(Saved entries)
Content starts

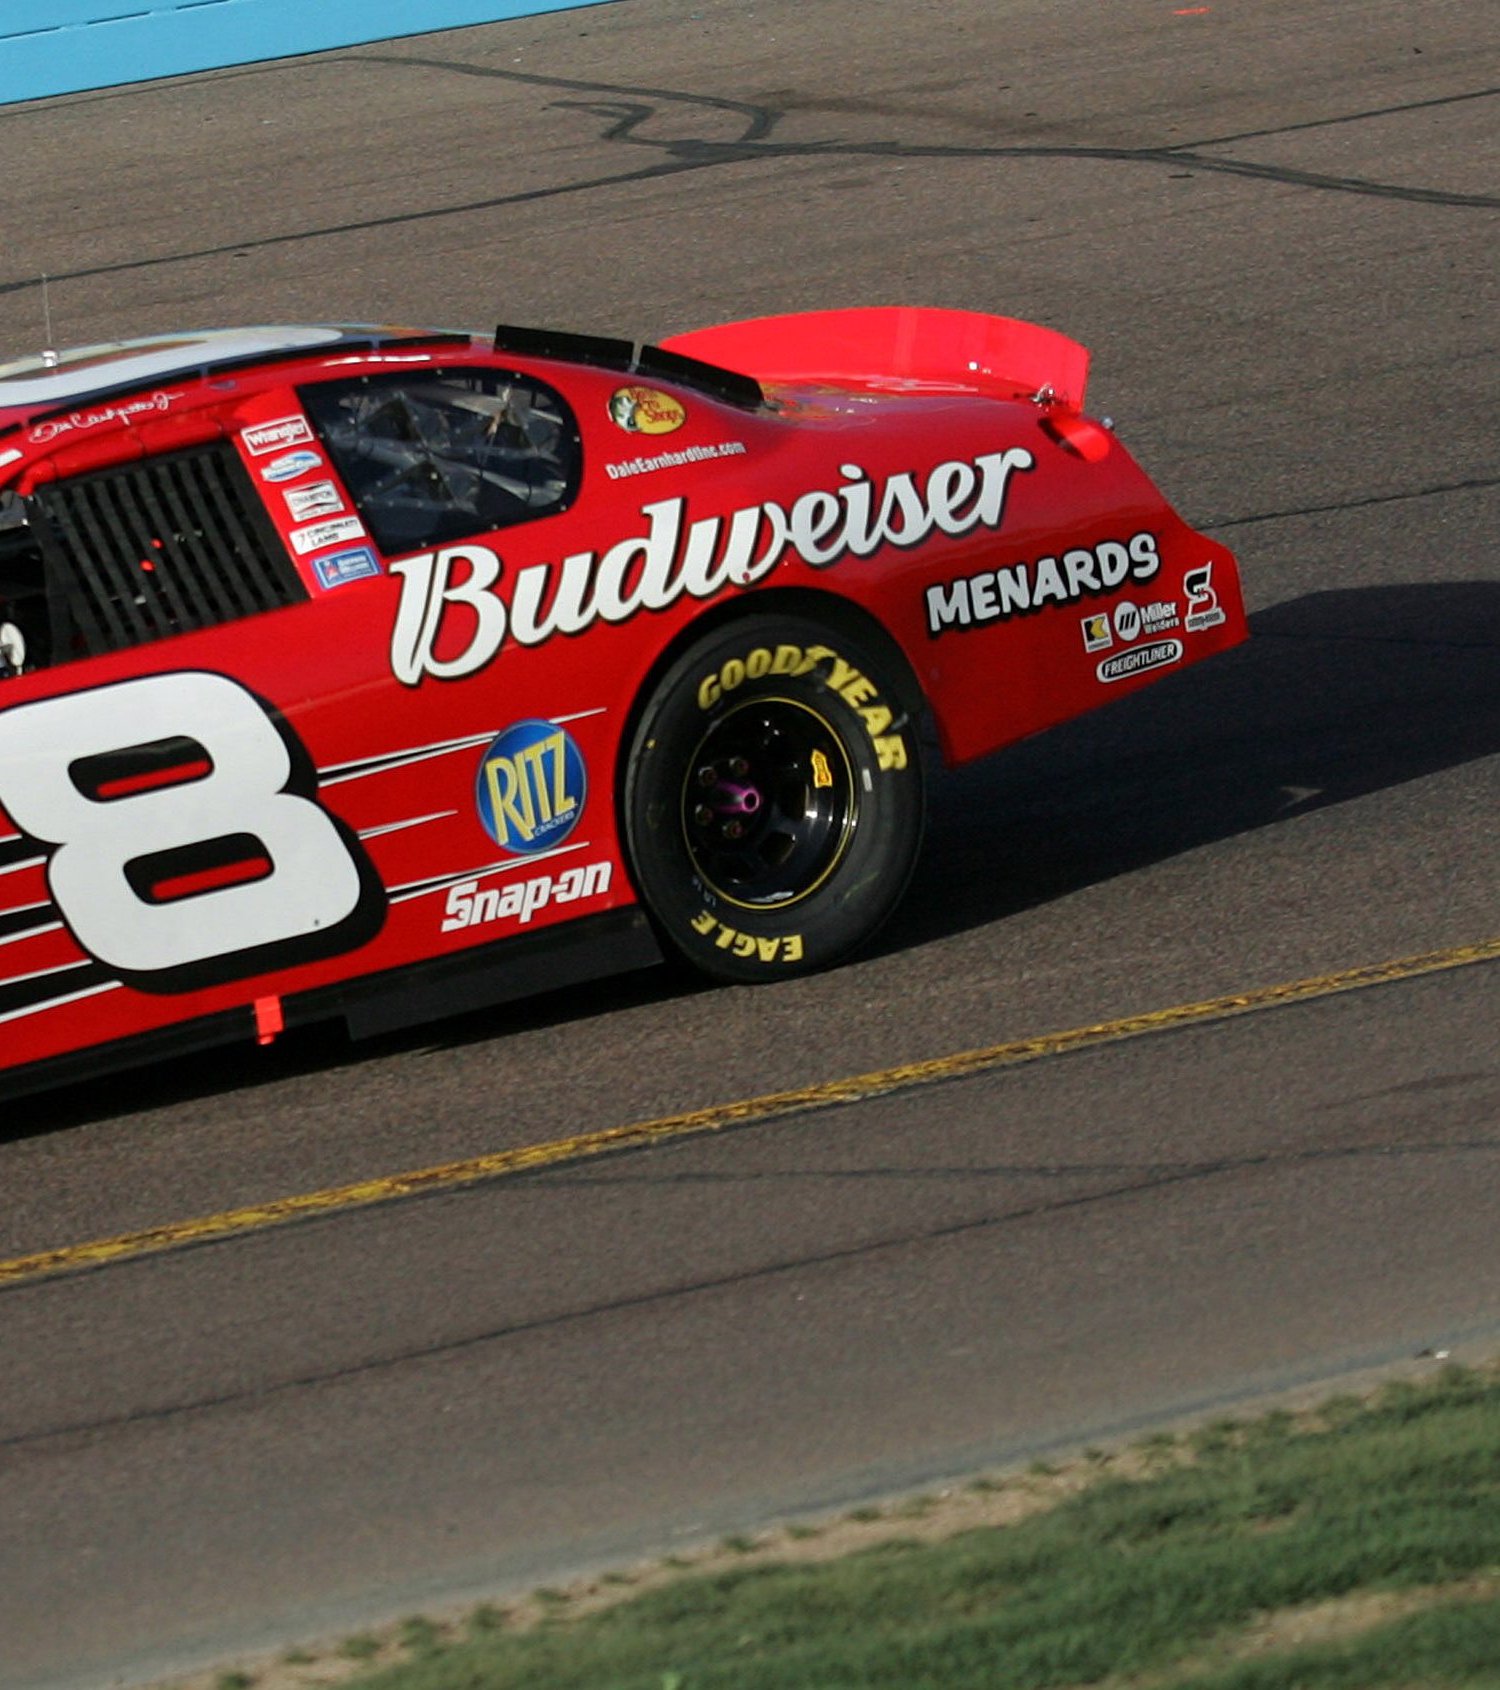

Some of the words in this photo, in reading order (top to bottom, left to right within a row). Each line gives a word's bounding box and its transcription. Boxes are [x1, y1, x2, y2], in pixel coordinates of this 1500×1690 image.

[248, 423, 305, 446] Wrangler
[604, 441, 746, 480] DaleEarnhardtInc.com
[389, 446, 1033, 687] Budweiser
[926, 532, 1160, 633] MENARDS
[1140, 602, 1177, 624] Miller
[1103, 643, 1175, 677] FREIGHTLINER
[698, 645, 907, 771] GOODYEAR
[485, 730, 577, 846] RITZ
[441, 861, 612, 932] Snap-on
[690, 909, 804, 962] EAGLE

Content ends

▸ Work to be completed
The records above are to be transcribed exactly, with every picture left out.

▸ Answer section
Some of the words in this photo, in reading order (top to bottom, left to right within a row). Each line gives a word's bounding box and its transcription. Boxes are [x1, y1, x2, y2], in pixel coordinates of this 1500×1690 image.

[248, 423, 305, 446] Wrangler
[604, 441, 746, 480] DaleEarnhardtInc.com
[389, 446, 1033, 687] Budweiser
[926, 532, 1160, 633] MENARDS
[1140, 602, 1177, 624] Miller
[1103, 643, 1175, 677] FREIGHTLINER
[698, 645, 907, 771] GOODYEAR
[485, 730, 577, 846] RITZ
[441, 861, 612, 932] Snap-on
[690, 909, 804, 962] EAGLE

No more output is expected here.